Open RossBoylan opened 5 years ago
Hi, can you clarify what caused you to post this issue? Is this the same as Issue #24?
It's a separate issue, though sharing some symptoms.
This one arises only after I mess with the routing tables so that only internal UCSF IP's are forwarded over the tunnel. Since the location service is outside of UCSF, packets to it will not go though the UCSF tunnel, and thus will not originate from UCSF even if the VPN is up. So the test will always indicate I'm not on the UCSF network.
BTW, the "related request" was not a ticket on ucsf-vpn but one for the networking group at UCSF, and you were the author. I think--that's from memory.
I have confirmed this is related to my selective tunneling (see #35) by coming up with a hackish solution. When I add the IP for ipinfo.io to my list of routes to forward through the VPN, ucsf-vpn resumes correct detection of active tunnels.
This "fix" is not super-robust, since if the IP of ipinfo.io changes it will stop working until the forwarding IP is updated to match. A couple of years ago DNS for ipinfo.io returned a bunch of IPs; now it returns a single IP in a completely different range.

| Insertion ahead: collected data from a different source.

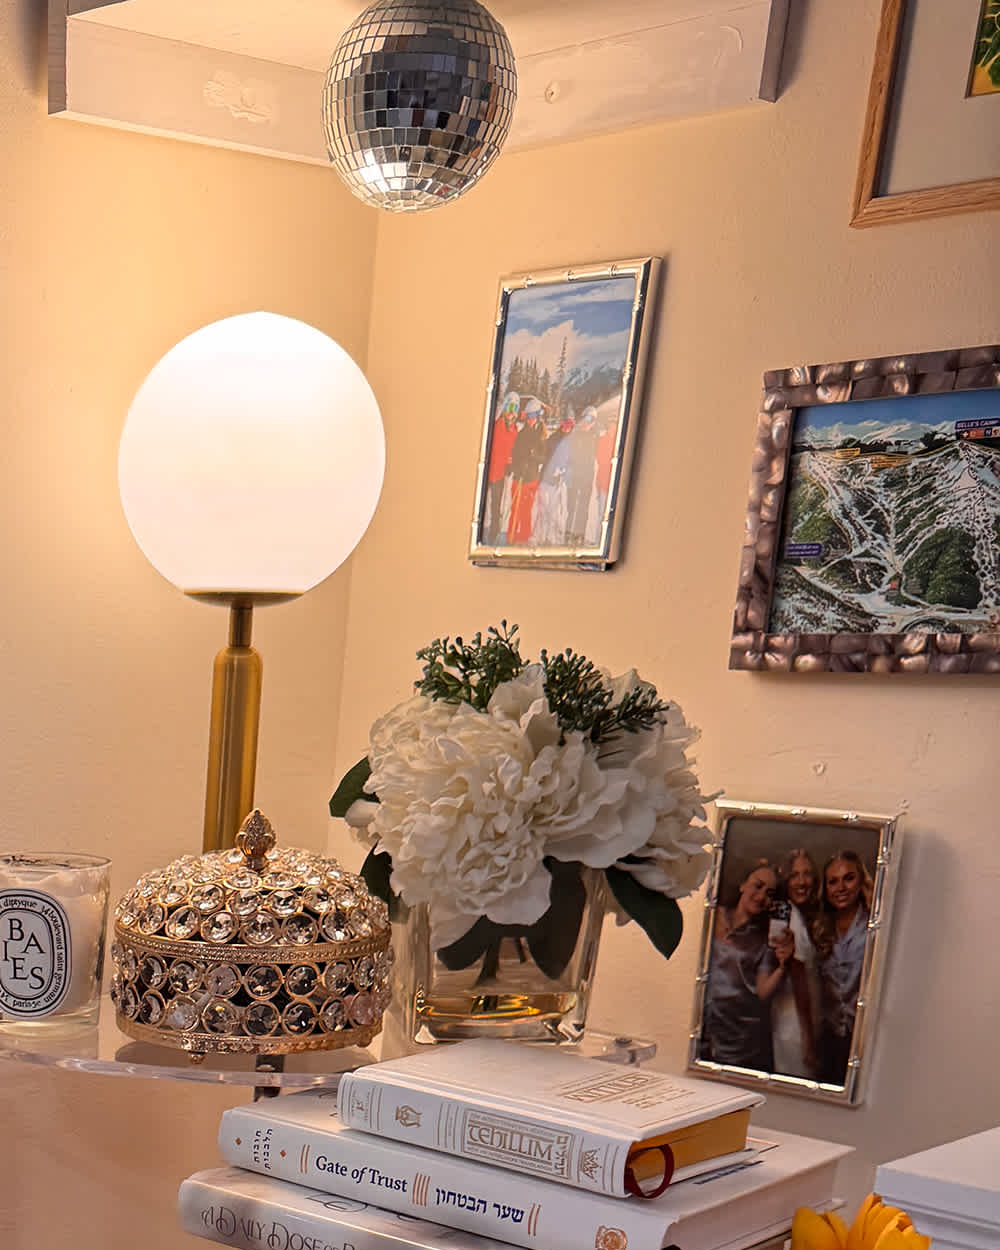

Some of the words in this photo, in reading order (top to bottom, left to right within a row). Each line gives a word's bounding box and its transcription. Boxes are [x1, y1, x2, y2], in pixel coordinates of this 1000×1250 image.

[3, 898, 38, 909] diptyque
[49, 910, 64, 950] boulevard
[56, 951, 65, 971] saint
[45, 973, 62, 1003] germain
[467, 1123, 553, 1161] TEHILLIM
[316, 1155, 347, 1177] Gate
[351, 1166, 369, 1184] of
[369, 1169, 408, 1193] Trust
[435, 1187, 487, 1214] הבטחון
[493, 1202, 525, 1223] שער
[201, 1206, 214, 1225] A
[215, 1207, 266, 1240] DAILY
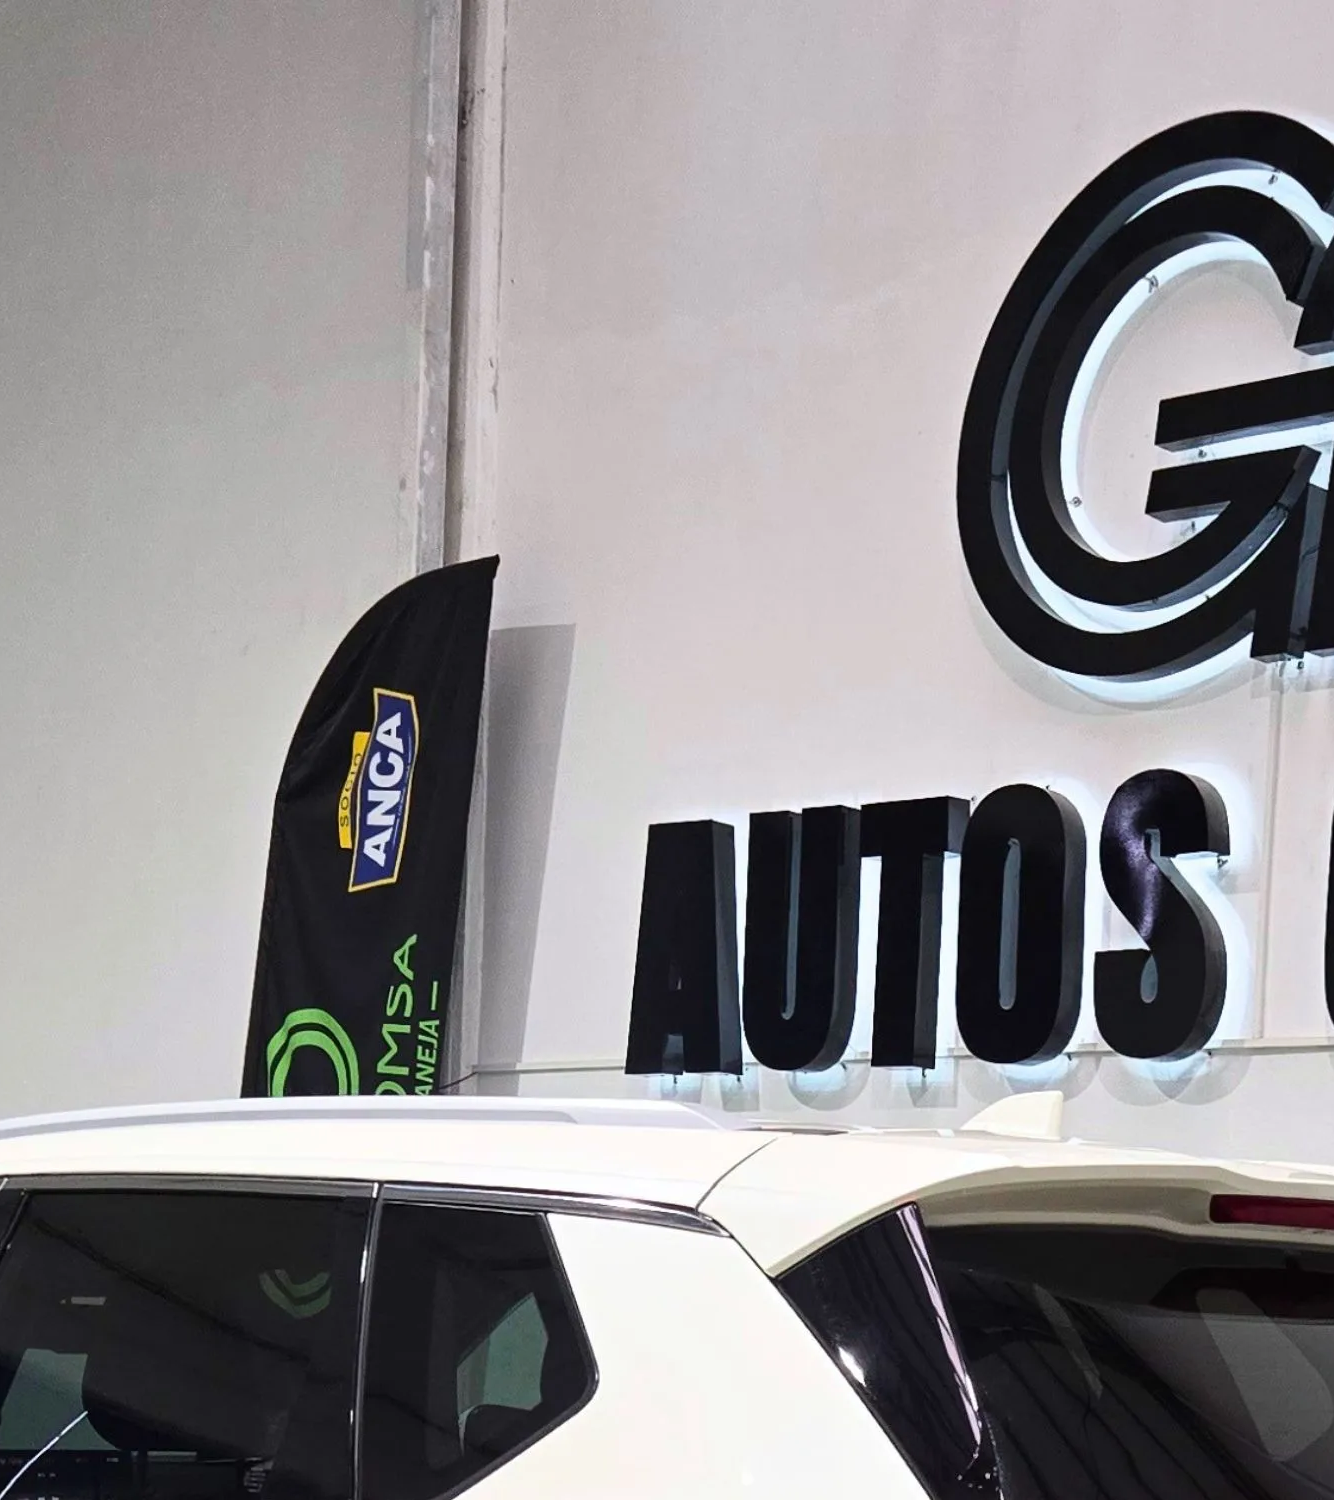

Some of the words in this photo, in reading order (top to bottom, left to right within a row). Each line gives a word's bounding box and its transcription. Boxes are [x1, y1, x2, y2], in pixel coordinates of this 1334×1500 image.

[340, 752, 364, 828] SOCIO
[363, 712, 405, 867] ANCA
[625, 767, 1231, 1076] AUTOS

Clever scripting could get the IP(s) for ipinfo.io dynamically and add them to the forward list, but it doesn't seem worth the trouble.
Again, this whole thing is only an issue with my selective tunneling code. The standard code sends pretty much everything through the tunnel, including traffic to ipinfo.io, and so doesn't have this problem.
Ross
The immediate issue for me is that if I modify the networking scripts so that only UCSF internal IPs are forwarded through the tunnel, the current test will think I have not connected to the VPN even if I have. The test relies on accessing an internet site that is not inside of UCSF, and so the packets to it do not go through UCSF, and the return info indicates a non-UCSF location.

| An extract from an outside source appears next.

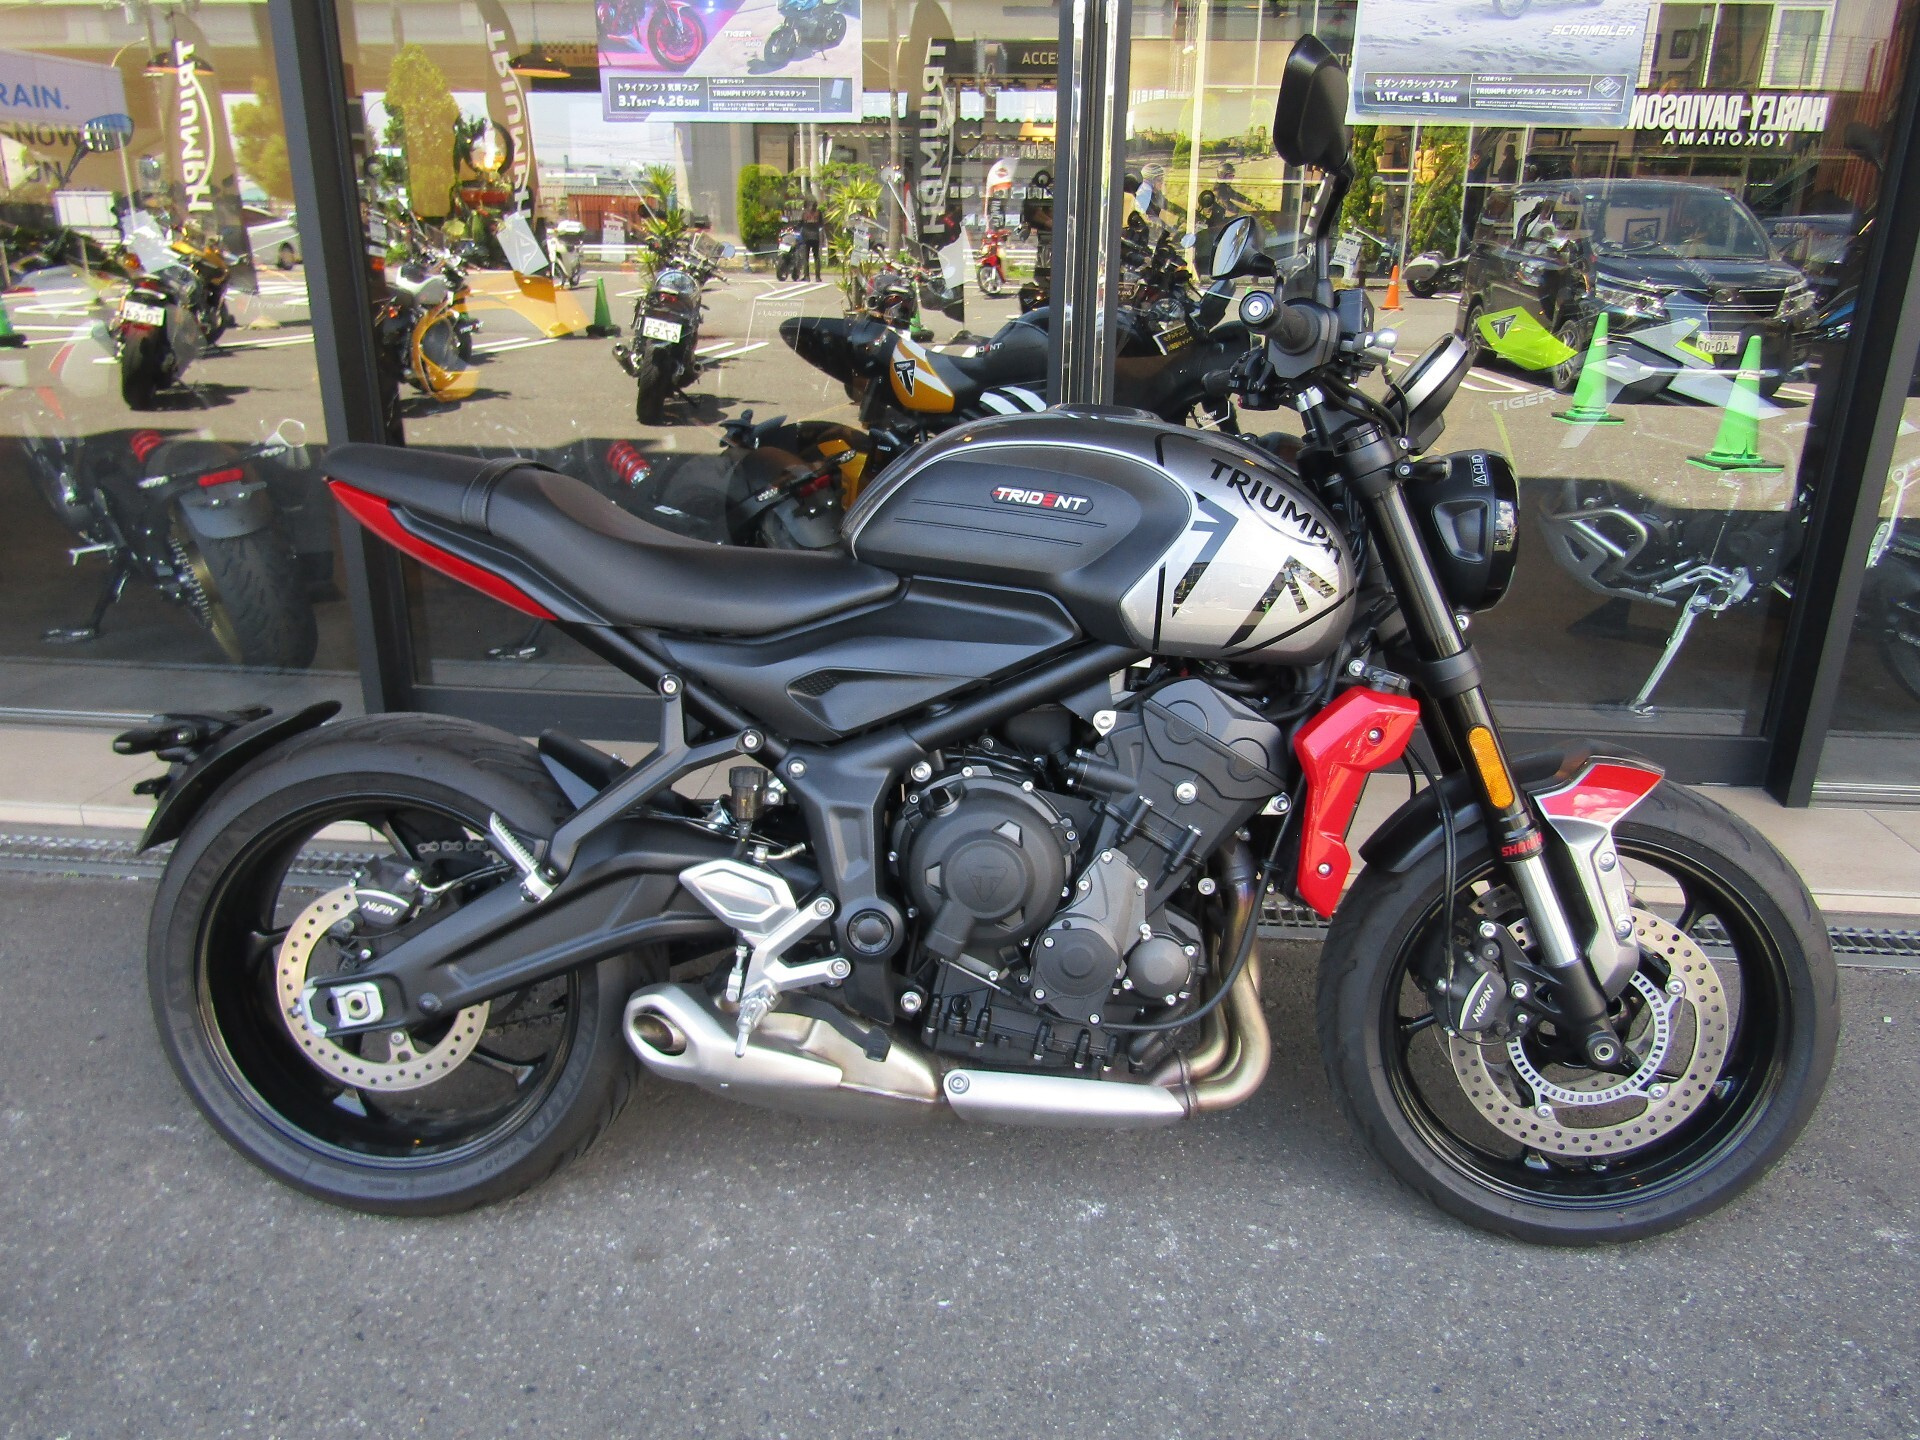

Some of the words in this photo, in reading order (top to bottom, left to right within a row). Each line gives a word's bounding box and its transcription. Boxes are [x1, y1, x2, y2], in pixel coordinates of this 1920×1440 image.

One possibility would be to ping an internal IP as an indicator of successful connection. Of course, that is subject to the vagaries of the routing rules on the internal network, whether UCSF decides to block pings, possible changes in the target system, etc.
Another issue is whether this alternate mechanism should be the only mechanism, a user selectable option, or something else.
There is a related request to UCSF about supporting some mechanism for determing if connection to the VPN succeeded.